For many of us, our relationship with stress is a lot like this classic example of something known as the “ironic thought process”—the very act of trying to avoid something seems to manifest it, and the harder we try not to stress, the more likely we are to create additional stress. Raise your hand if there’s a familiarity to the following stress feedback loop:
- “I’m stressed out!”
- “Oh no, I’m stressed! I need to relax!”
- “Now I’m stressed about needing to relax!”
That’s a pretty vicious cycle, and one that can be uniquely exacerbated by a number of factors. Stress feeds on itself, and as workouts are skipped, diets ignored, and excuses are made, the stress continues to build and we’re driven further and further from where we want to be.
The research on stress is pretty compelling, and it’s no wonder we aim to avoid it. Modern life is filled with things our ancestors never dealt with like bosses and mortgages, and as Robert Sapolsky explains in his seminal work Why Zebras Don’t Get Ulcers, our stress response evolved to fill a short-term, acute need. Modern life presents a fairly primitive mechanism with a confusing set of signals, and when that acute response becomes chronic, chaos ensues. Everything from heart disease and hypertension to diabetes and obesity have been linked to chronic stress.
The key concept here is the difference between acute and chronic. What’s good for us in the short-term can be terrible for us in the long-term.
The Beauty of Stress
Stress is not an enemy, it’s an ally. We’re not particularly good at ignoring or avoiding stress, and it’s a good thing we’re not: in its own way stress may be as effective and powerful a change agent as natural selection. Without stress you’re weak, slow, fat, dumb, and all but indistinguishable from an adult-sized lump of clay.
Stripped of any color or judgement, stress is nothing more than a signal that you need to change. Evolution has left us a uniquely conservative and efficient machine—stress is the counterpart to this efficiency. Where evolution tells the body to slow the metabolism during a famine, stress tells the body to ramp it up and find some extra energy during a fight.
A rash is a simple and primitive form of stress; odds are you shouldn’t wear that sweater or use that lotion anymore. Blushing is another fundamental manifestation of stress in humans, and is often triggered as a way of reinforcing social norms. The heat from a flame hurts when you get too close to it; another form of stress trying to force a response. Stress isn’t an enemy, it’s a teacher, albeit a fairly strict one.
Putting Stress to Work
The difference between stress pushing us to new heights or pulling us into the abyss, classically referred to as eustress and distress, respectively, lies in its application and in our response to it. Pioneering endocrinologist Hans Selye’s early work on the General Adaptation Syndrome (GAS) laid out three distinct phases to the stress response: the alarm stage (stress is introduced), the resistance stage (the body attempts to adapt), and the exhaustion stage (reached if and when the body’s response is insufficient).
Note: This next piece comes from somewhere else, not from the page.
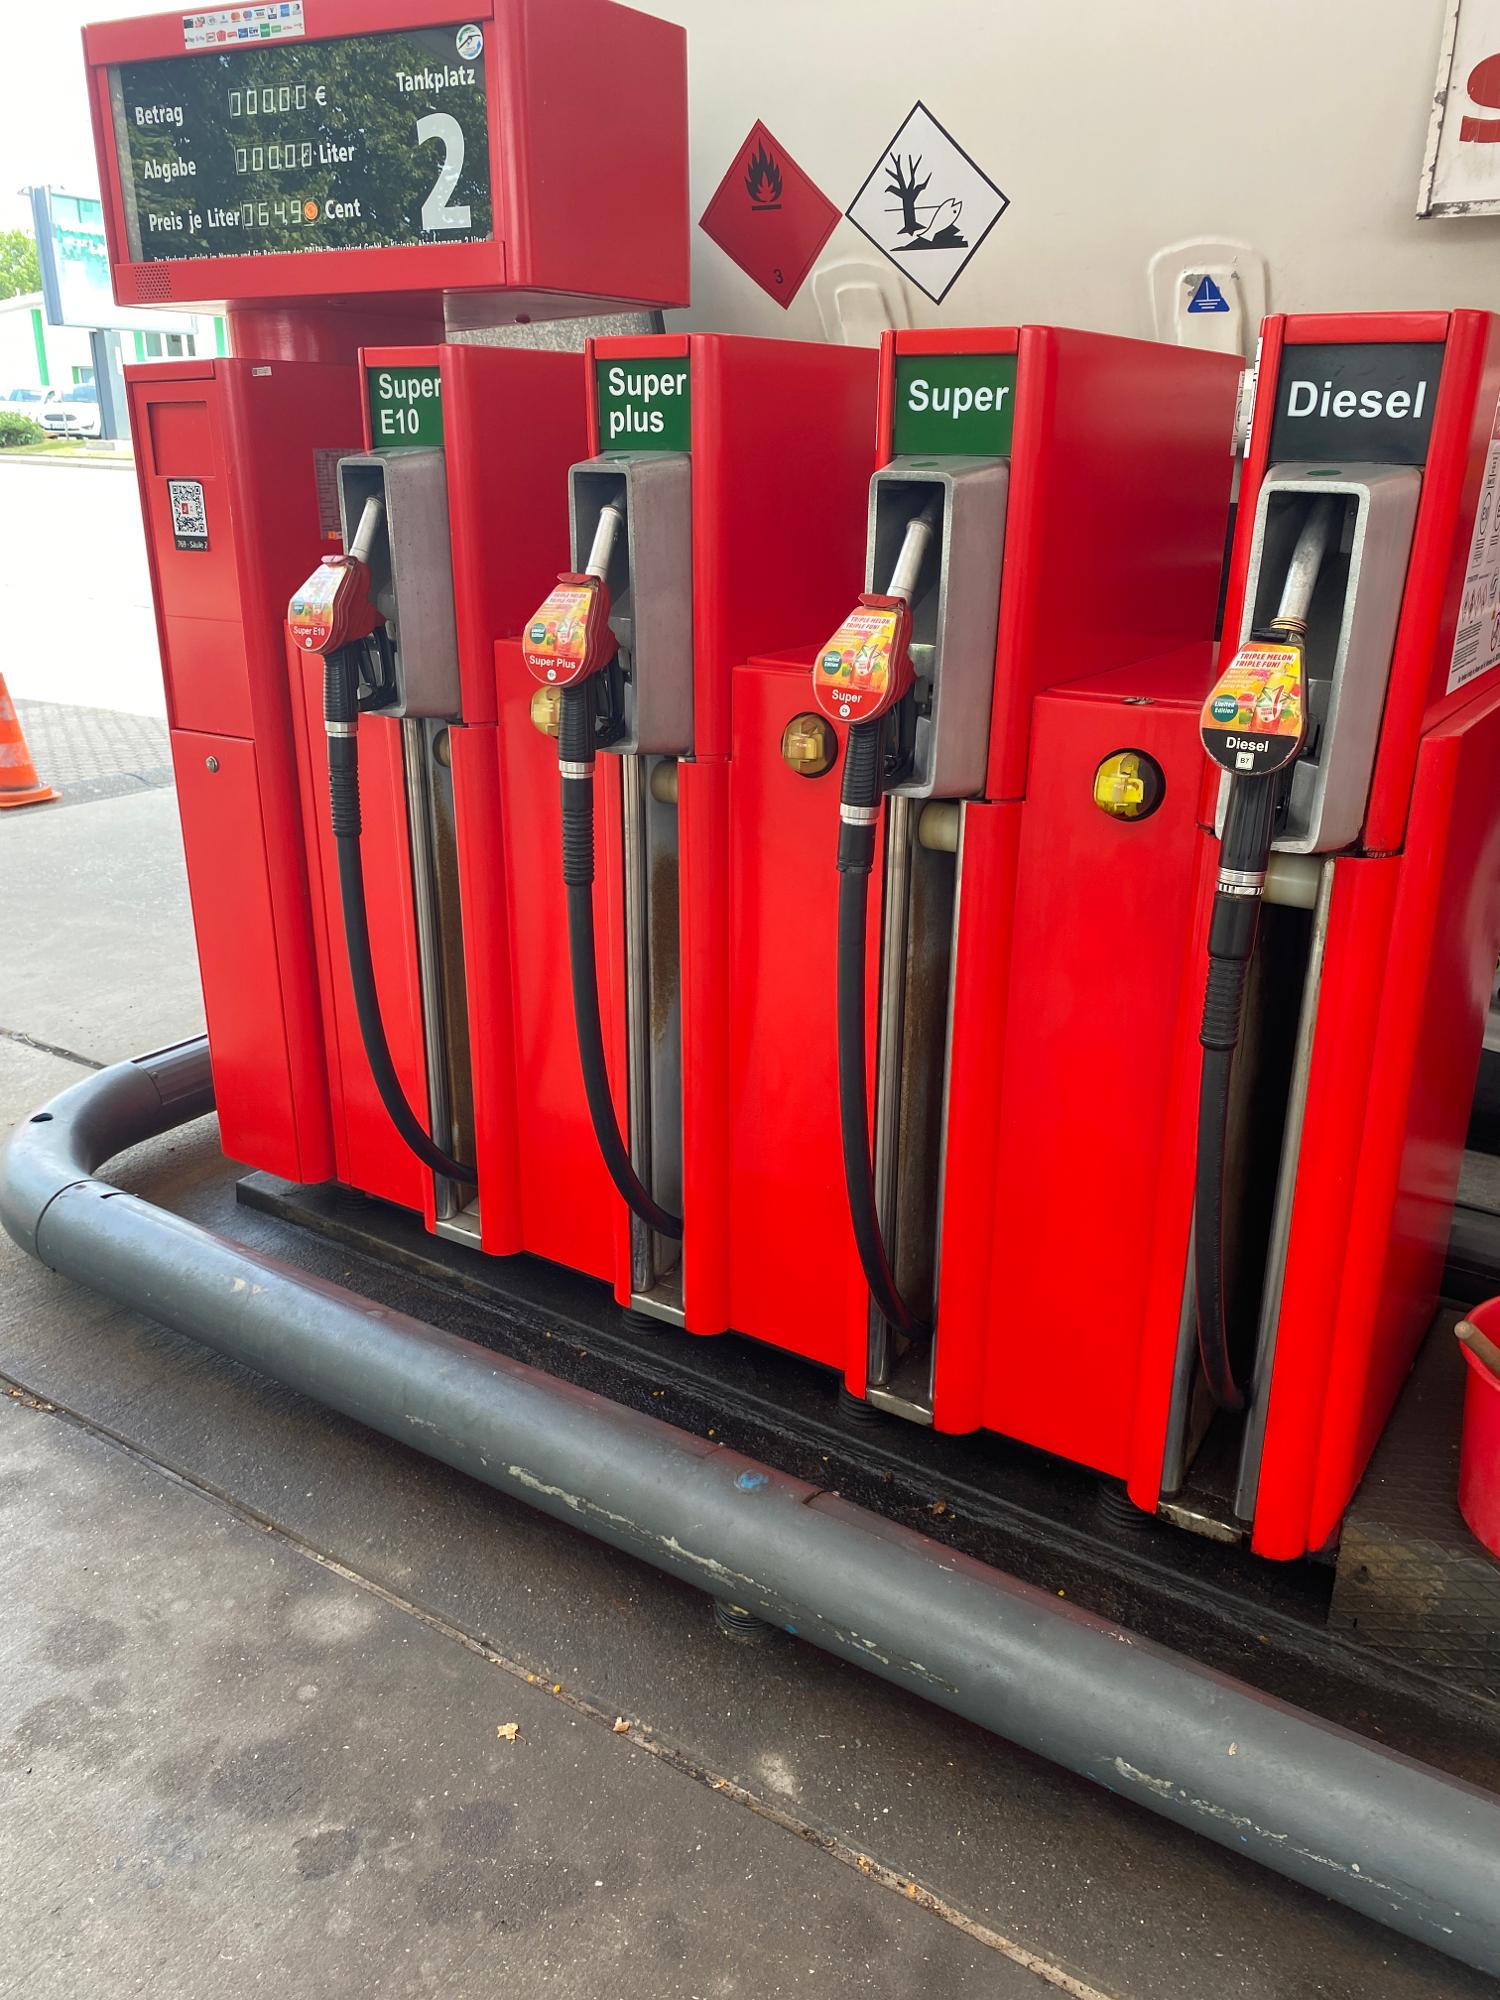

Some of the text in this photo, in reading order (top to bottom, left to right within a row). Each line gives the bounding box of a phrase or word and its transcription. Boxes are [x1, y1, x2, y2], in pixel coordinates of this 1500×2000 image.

Rather than analyzing his methods and findings, let’s use a simple example. Imagine two people, both asked to spend three hours rubbing their hands together over the course of the coming week. The first person breaks the task up into small segments—a minute or two here, a minute or two there—and accumulated 20 or 30 minutes of stress (hand-rubbing) each day. The second person decides to attack things head on, and spends three straight hours rubbing their hands together.
Both people faced the same total amount of stress, but you can imagine the difference in results—where one was inconvenienced the other was likely injured. The stress was the same, but the response was different. The stress of training works in much the same way. I’ll spend more than five or six hours this week lifting weights this week, why not just get it all done on Monday? That would be a recipe for disaster.
Listen to Your Stress
Your stress just wants to be heard. It’s a signal—it exists to force a change, and until that change is made, it will keep poking, prodding, and nudging at you like an annoying sibling in the back seat. The solution? Listen up, and change what you can. You may not be able to skip the traffic (especially if you live in New York and have family in Boston), but there are plenty of ways you can heed your body’s primal advice.
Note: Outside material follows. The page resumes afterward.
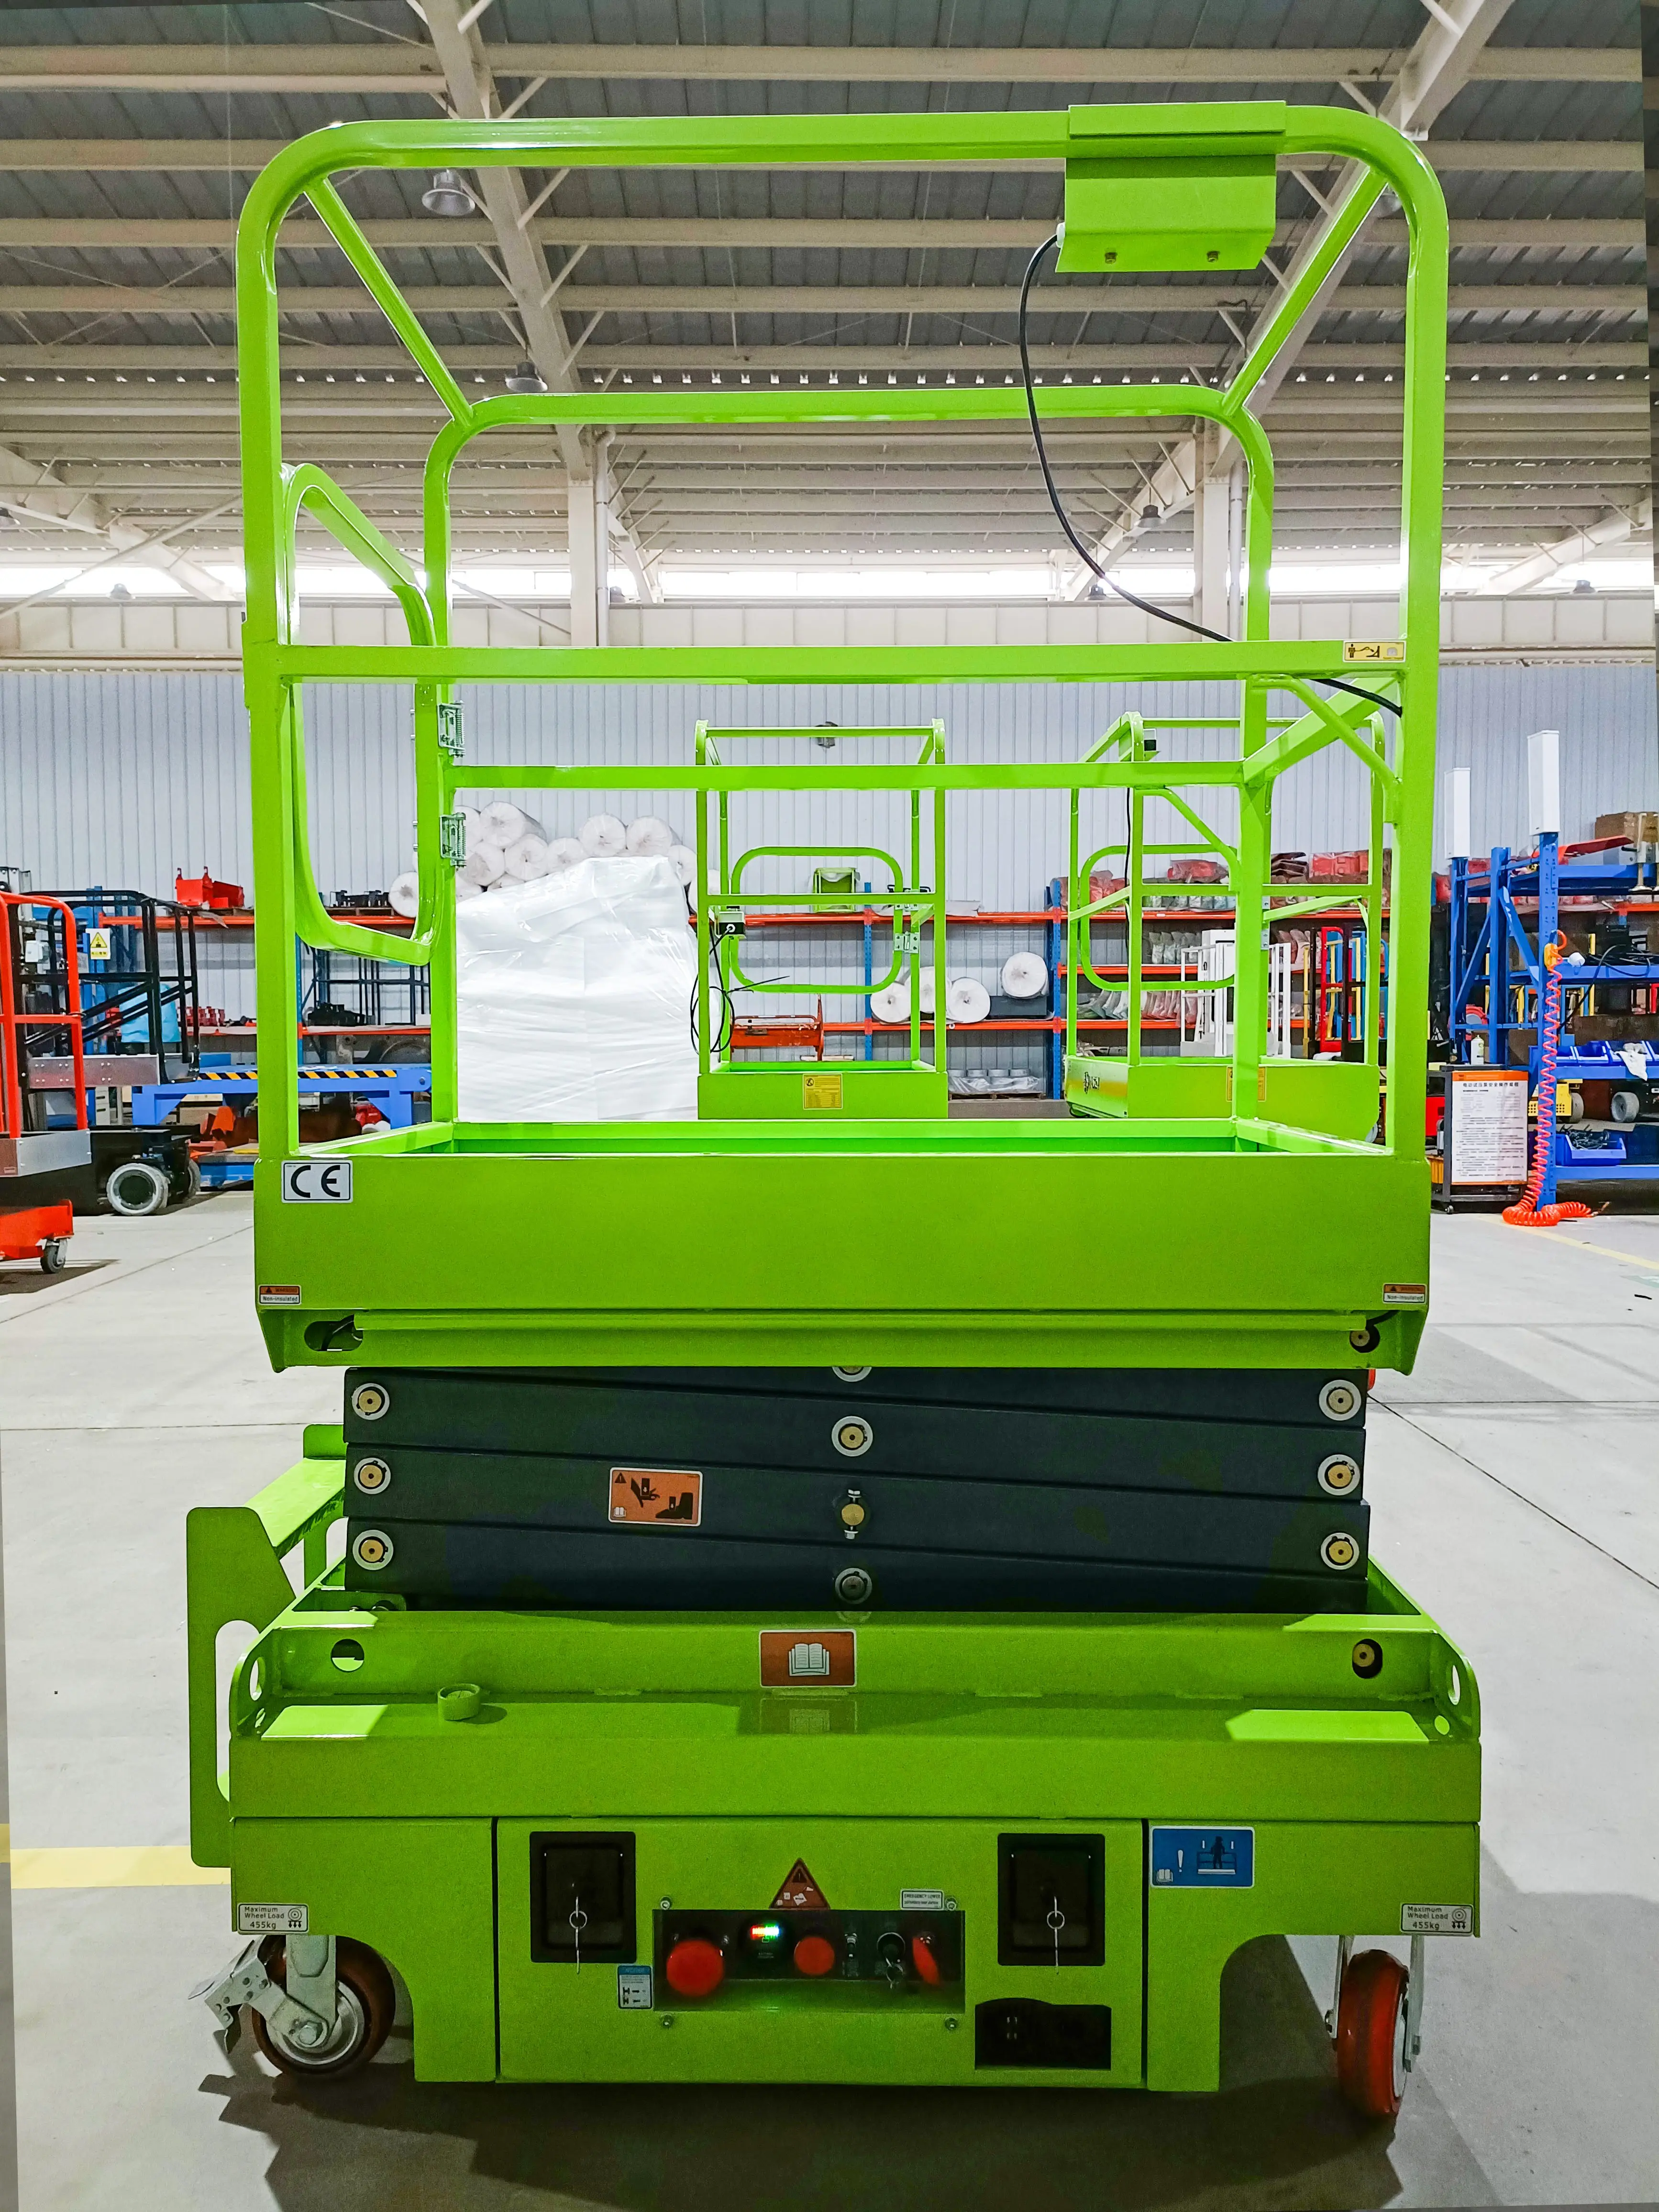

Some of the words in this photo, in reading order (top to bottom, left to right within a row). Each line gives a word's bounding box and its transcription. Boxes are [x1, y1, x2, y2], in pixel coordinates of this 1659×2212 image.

In the words of the immortal Pavel Tsatsouline, “Change is a form of rest.” Time with family may be stressful, but it can be a break from work. Your workout is absolutely a form of stress, but it’s a chance to duck out of the house or the office for an hour. Rather than trying to avoid stressors or pretend you’re immune to them, recognize them for what they are and embrace them in limited doses.
References:
1. Sapolsky, Robert. Why Zebras Don’t Get Ulcers. New York: Henry Holt and Company, LLC, 1994.